Reviews for Lies always lies
taylorbabygirl 11/15/07 . chapter 1
this is a great story please update again. I love Josie and Lucas.I think that she should have chosen Lucas over Vaughn.
naruhina444 8/23/06 . chapter 3
I love J/L good job
Ember91 11/20/04 . chapter 3
Grammer net to work on that 'cause it's really hard to understand
Lina Shay 9/14/04 . chapter 3
To be brutally honest, it sounds like English is your second language. You really need to do some proofreading, but your story idea isn't bad.
mindfreakingness 9/13/04 . chapter 3
your grammar sucks and u might wanna get a beta but the plot and other stuff is really good.
NikeGirl13 8/23/04 . chapter 3
okey your storie is good but u make way 2 short of chapters and u could try adding alittle more thatn what they say like when they r going down the stairs or something b more spacific tell how they feel with detail and u mite want 2 not shorted words like i get it its kinda annoying sorry 2 be so blunt its just u have a good idea 4 a storie i wouldnt want 2 c it go 2 waste and also really sorry if this offends u in any way i didnt mean 2 byez!PLEASE UPDATE!

**NiKeGiRl**
Dense 7/25/04 . chapter 1
it's really hard to understand what's going on in your story. i mean there are so many typos and errors, that it really takes me out of the fic. you should reread your fic, before you post it. That makes it easier for the reader to understand.

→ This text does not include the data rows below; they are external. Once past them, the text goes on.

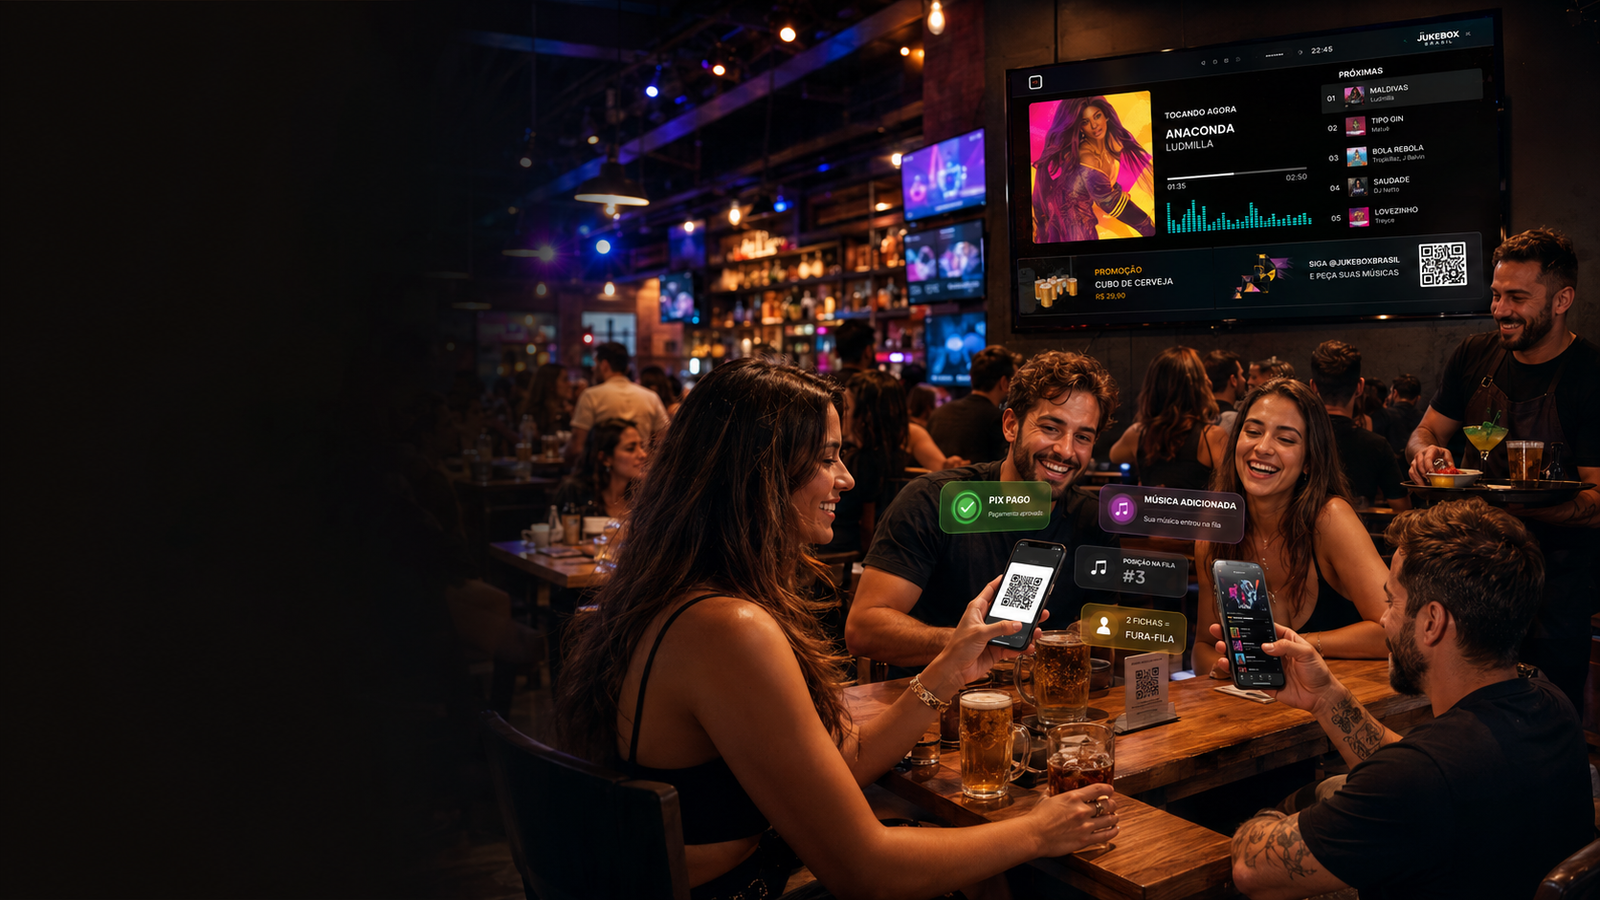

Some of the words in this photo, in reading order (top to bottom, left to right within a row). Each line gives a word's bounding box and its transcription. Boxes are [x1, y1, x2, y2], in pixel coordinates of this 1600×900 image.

[1417, 30, 1460, 42] JUKEBOX
[1311, 45, 1333, 54] 22:45
[1338, 67, 1384, 78] PRÓXIMAS
[1369, 84, 1409, 94] MALDIVAS
[1164, 108, 1206, 119] TOCANDO
[1207, 105, 1237, 115] AGORA
[1165, 123, 1235, 139] ANACONDA
[1327, 124, 1338, 132] 02
[1165, 139, 1214, 152] LUDMILLA
[1372, 147, 1393, 155] BOLA
[1394, 144, 1425, 153] REBOLA
[1328, 154, 1339, 162] 03
[1167, 182, 1187, 190] 01:35
[1285, 173, 1308, 181] 02:50
[1373, 176, 1410, 186] SAUDADE
[1374, 206, 1419, 216] LOVEZINHO
[1308, 260, 1328, 268] SIGA
[1328, 256, 1400, 268] @JUKEBOXBRASIL
[1094, 265, 1142, 276] PROMOÇÃO
[1309, 272, 1315, 280] E
[1316, 271, 1337, 281] PEÇA
[1338, 271, 1361, 279] SUAS
[1362, 268, 1400, 278] MÚSICAS
[1095, 280, 1119, 289] CUBO
[1121, 279, 1133, 288] DE
[1134, 277, 1174, 287] CERVEJA

not trying to flame ya, just tryin' to give some advice

laterdayz
Newsgirl29 7/13/04 . chapter 2
Ok here is the up close to God truth, It need's work. You have a good start, but I sujust that you make the chapters longer and put in more actions to tell us (the readers) what they are doing ok.

Again the up close to God truth, I don't care much for skript from mate very much at all. But I think you got me hooked so write some more!